• PROVIDED INFORMATION
########

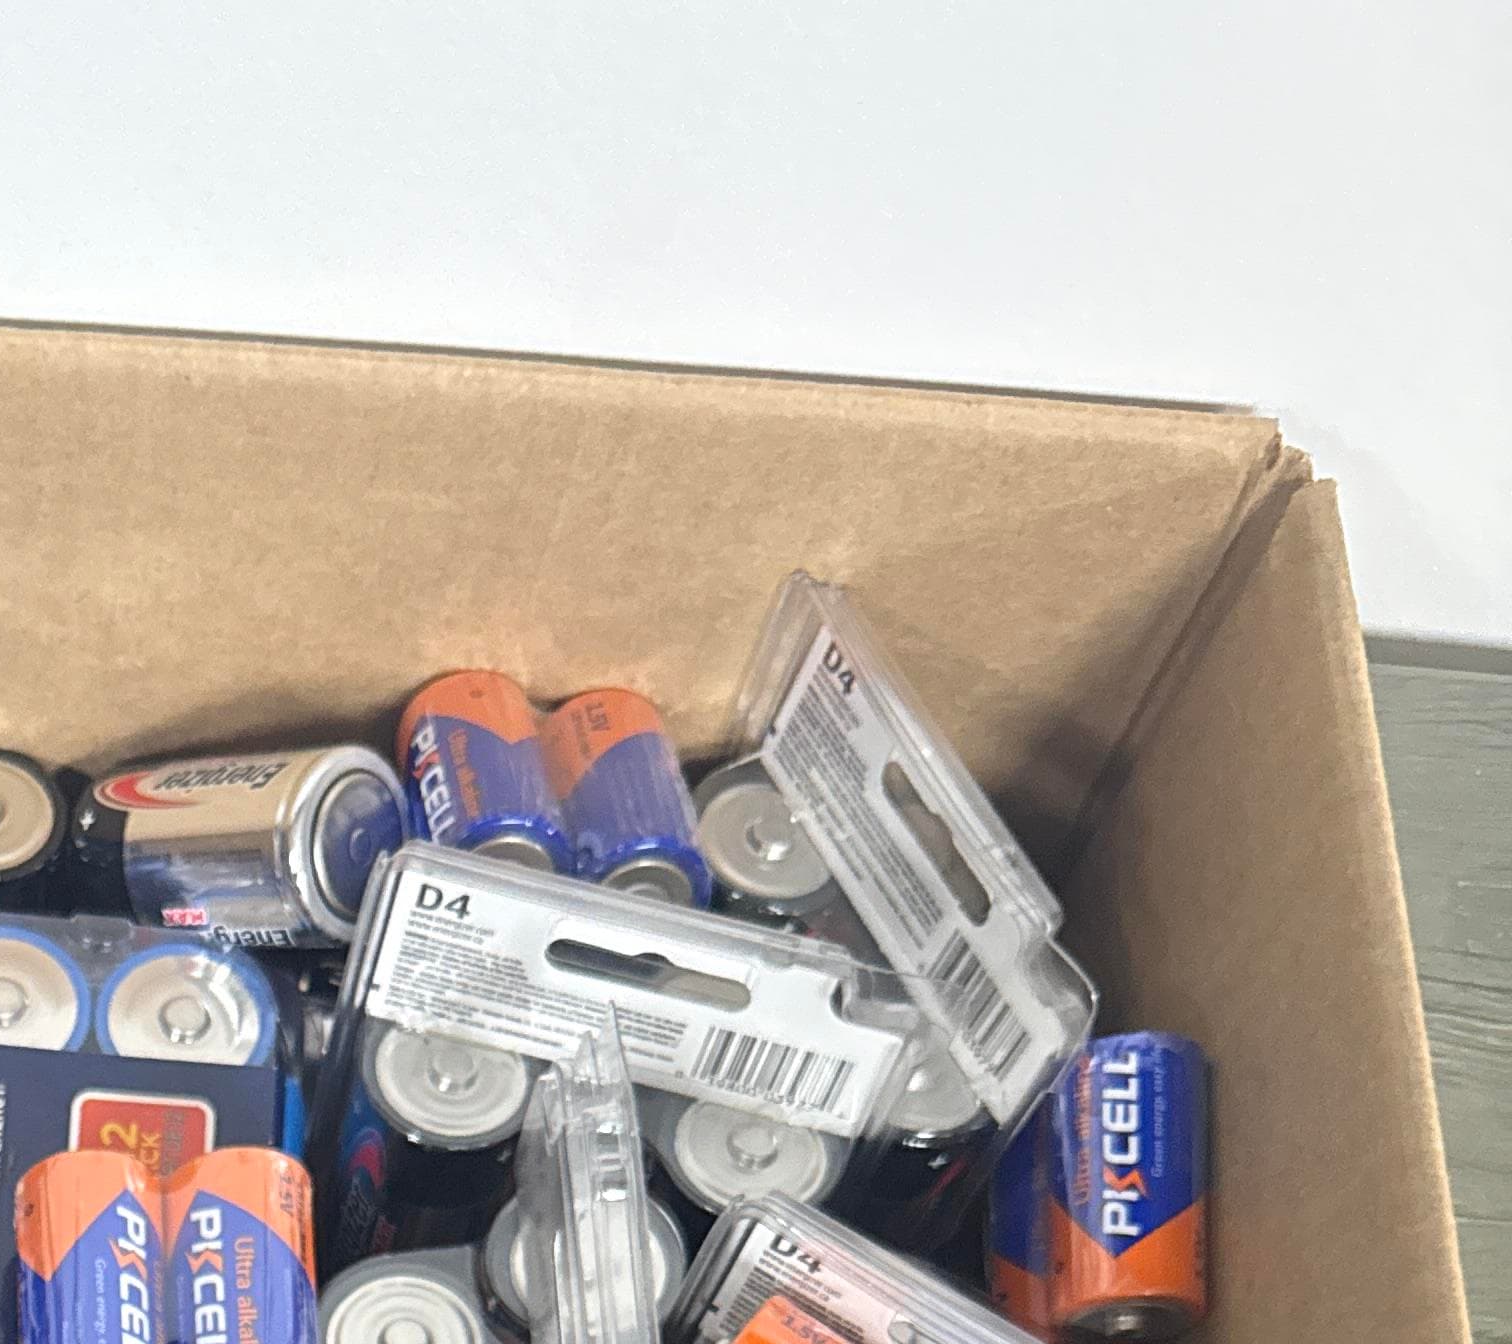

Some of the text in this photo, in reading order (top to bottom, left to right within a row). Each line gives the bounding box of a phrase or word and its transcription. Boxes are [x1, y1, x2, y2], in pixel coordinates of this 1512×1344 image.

[821, 642, 856, 695] D4
[154, 763, 287, 790] Energizer
[414, 884, 471, 919] D4
[1100, 1050, 1149, 1237] PKCELL
[233, 1237, 255, 1290] Ultra

########

Go through the entries and retype each one exactly, skipping any image.

Some of the text in this photo, in reading order (top to bottom, left to right within a row). Each line gives the bounding box of a phrase or word and its transcription. Boxes are [x1, y1, x2, y2], in pixel coordinates of this 1512×1344 image.

[821, 642, 856, 695] D4
[154, 763, 287, 790] Energizer
[414, 884, 471, 919] D4
[1100, 1050, 1149, 1237] PKCELL
[233, 1237, 255, 1290] Ultra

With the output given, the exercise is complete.